BACKGROUND: Infections caused by carbapenem-resistant Enterobacteriaceae (CRE) have been designated an urgent level threat to public health. With the advent of novel β lactam/β-lactamase inhibitor combinations, the armamentarium against CRE is expanding. Our study aims to evaluate clinical outcomes in patients with CRE infections. METHODS: A retrospective study was conducted to compare clinical outcomes in adult patients with documented CRE infections between January 2009 and December 2017 and received either ceftazidime–avibactam (CAZ-AVI) or best available therapy (BAT). Best available therapy was defined as antimicrobials with susceptibility to the causative pathogen according to CLSI breakpoints. The following clinical outcomes were assessed: clinical cure, total length of stay (LOS), 30-day mortality, and infection-related mortality.

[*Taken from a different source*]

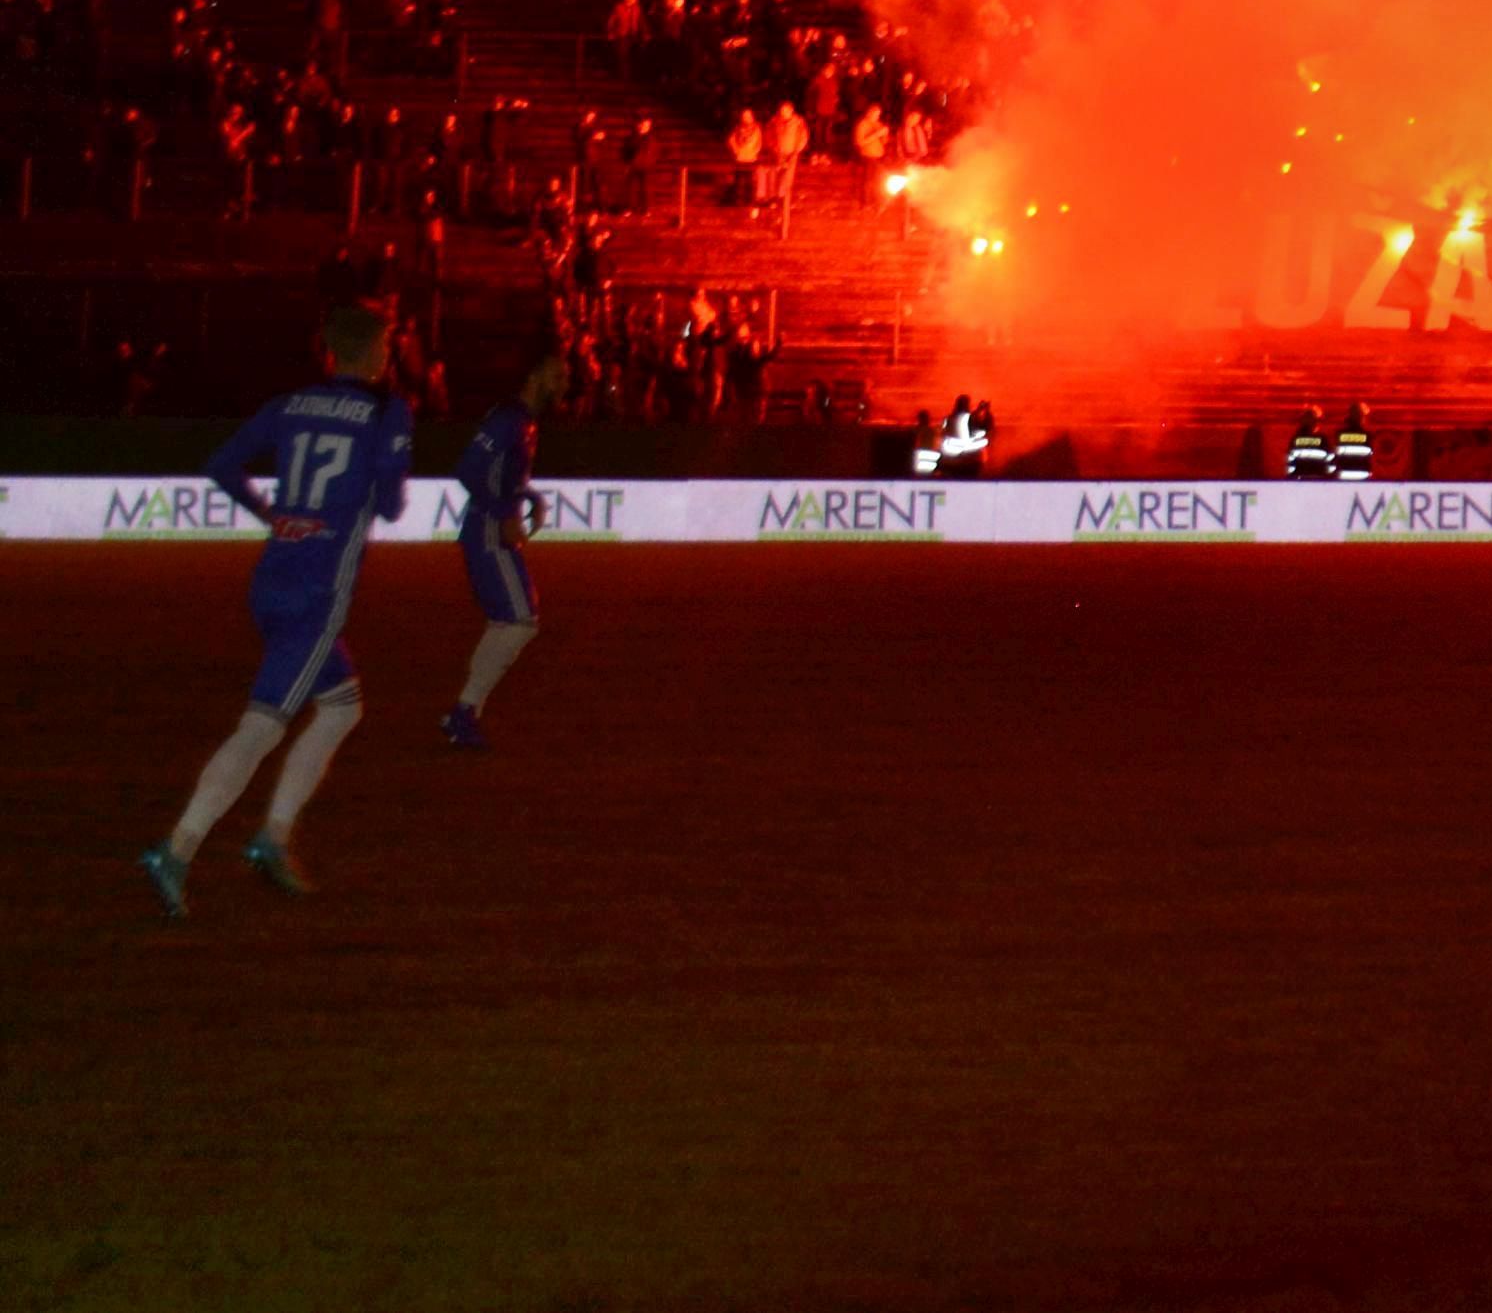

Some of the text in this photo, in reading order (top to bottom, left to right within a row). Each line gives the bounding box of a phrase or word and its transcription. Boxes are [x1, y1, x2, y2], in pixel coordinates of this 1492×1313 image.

[285, 431, 354, 510] 17
[761, 490, 946, 530] MARENT
[1075, 491, 1259, 531] MARENT

RESULTS: One hundred and fifty patients met criteria for inclusion; 25 in the CAZ-AVI group and 125 in the BAT group. The median Charlson Comorbidity Index (CCI) was 6 in both cohorts, indicating a low baseline probability for survival. The most common primary sites of infection for the CAZ-AVI and BAT cohorts, respectively, were the following: blood (24% vs. 18%, P = 0.580), urine (36% vs. 23%, P = 0.209), intraabdominal (16% vs. 14%, P = 0.754), and lung (12% vs. 27%, P = 0.132). Combination therapy was utilized in 8% of patients in the CAZ-AVI group compared with 42% in the BAT group. Combinations in the BAT group consisted of colistin-based (68%), tigecycline-based (13%), and aminoglycoside-based (13%) regimens. Although clinical cure rates were similar between both groups (80% vs. 72%, P = 0.469), there was a statistically significant difference in both all-cause mortality (24% vs. 73%, P = 0.006) and infection related mortality (4% vs. 26%, P = 0.017) in the CAZ-AVI and BAT groups, respectively. There was a trend toward a lower overall length of stay favoring the CAZ-AVI cohort as opposed to the BAT cohort (16 days vs. 30 days, P = 0.082). CONCLUSION: CAZ-AVI therapy was associated with lower mortality rates for CRE infections and have a high attributable mortality, especially with concomitant bacteremia. Future studies are warranted to confirm these results. DISCLOSURES: All authors: No reported disclosures.